───── Extracted material
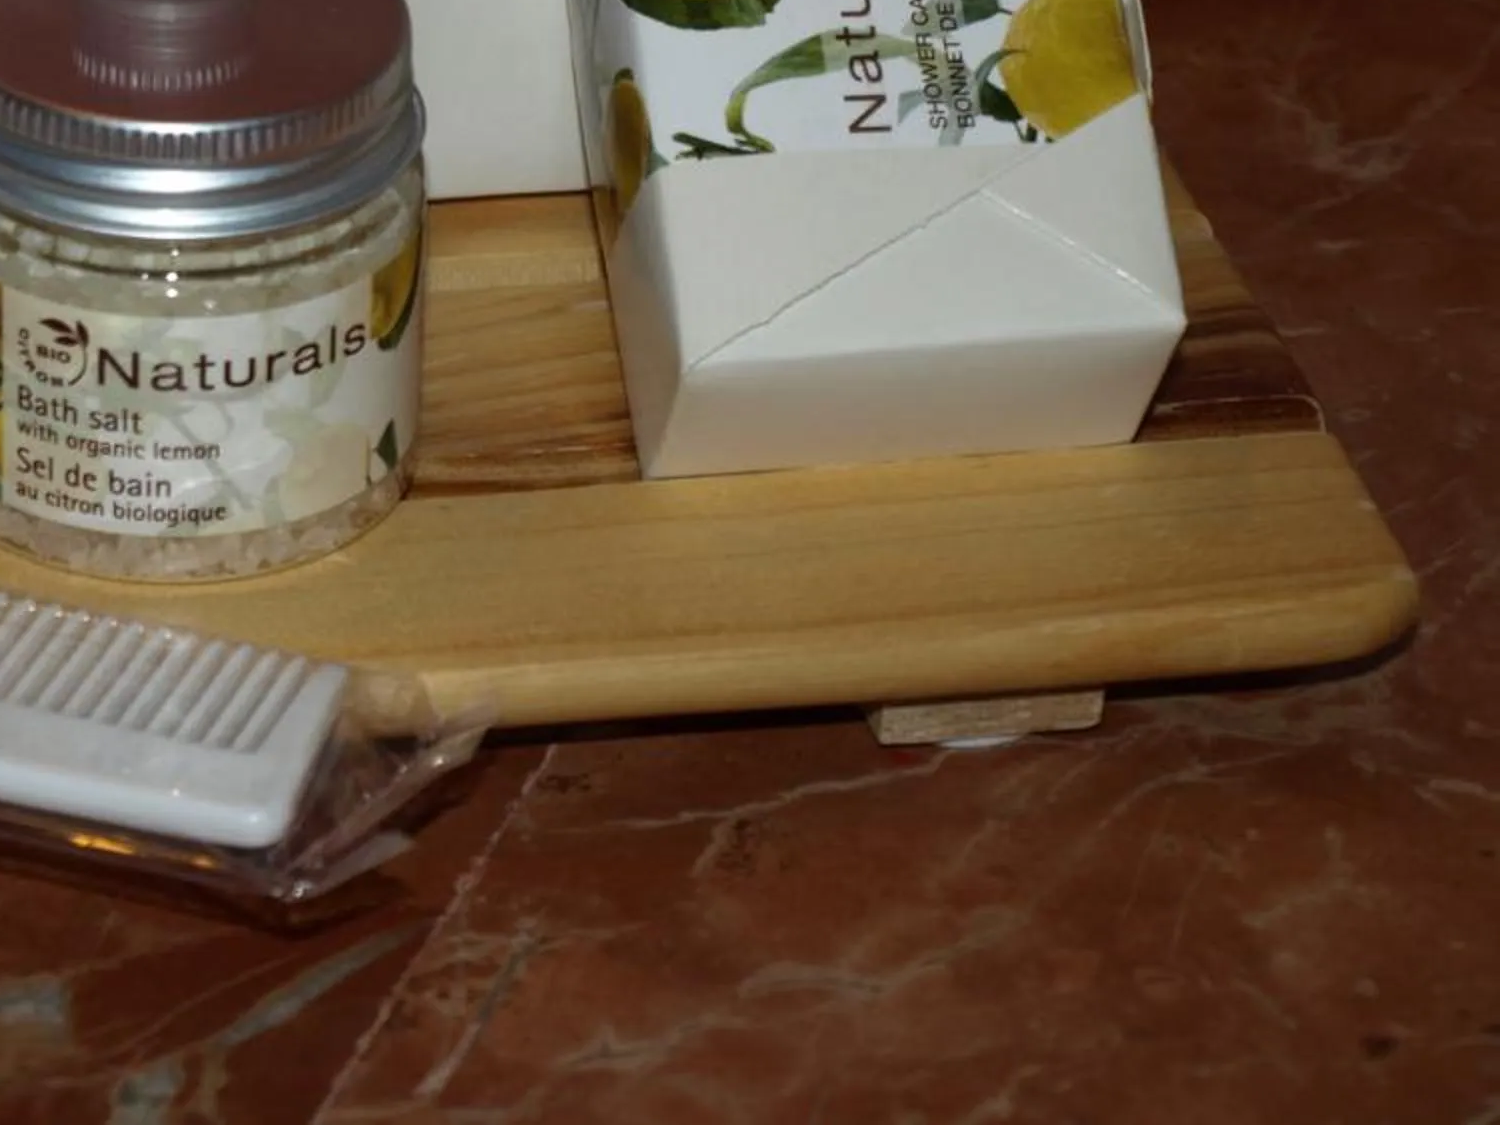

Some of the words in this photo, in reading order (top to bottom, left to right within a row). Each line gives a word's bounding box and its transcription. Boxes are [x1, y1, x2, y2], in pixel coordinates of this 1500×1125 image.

[936, 2, 958, 31] DE
[914, 31, 948, 130] SHOWER
[943, 38, 976, 129] BONNET
[35, 345, 72, 365] BIO
[98, 321, 367, 393] Naturals
[17, 384, 79, 426] Bath
[89, 407, 144, 435] salt
[17, 419, 59, 445] with
[65, 433, 145, 459] organic
[153, 441, 221, 460] lemon
[16, 447, 54, 481] Sel
[65, 463, 98, 492] de
[108, 469, 172, 498] bain
[15, 480, 39, 501] au
[45, 487, 105, 517] citron
[113, 500, 229, 528] biologique
──────────
▶ **Work instruction**:
Repeat the data above in full and exactly. Omit every image.

▶ **Your response**:
Some of the words in this photo, in reading order (top to bottom, left to right within a row). Each line gives a word's bounding box and its transcription. Boxes are [x1, y1, x2, y2], in pixel coordinates of this 1500×1125 image.

[936, 2, 958, 31] DE
[914, 31, 948, 130] SHOWER
[943, 38, 976, 129] BONNET
[35, 345, 72, 365] BIO
[98, 321, 367, 393] Naturals
[17, 384, 79, 426] Bath
[89, 407, 144, 435] salt
[17, 419, 59, 445] with
[65, 433, 145, 459] organic
[153, 441, 221, 460] lemon
[16, 447, 54, 481] Sel
[65, 463, 98, 492] de
[108, 469, 172, 498] bain
[15, 480, 39, 501] au
[45, 487, 105, 517] citron
[113, 500, 229, 528] biologique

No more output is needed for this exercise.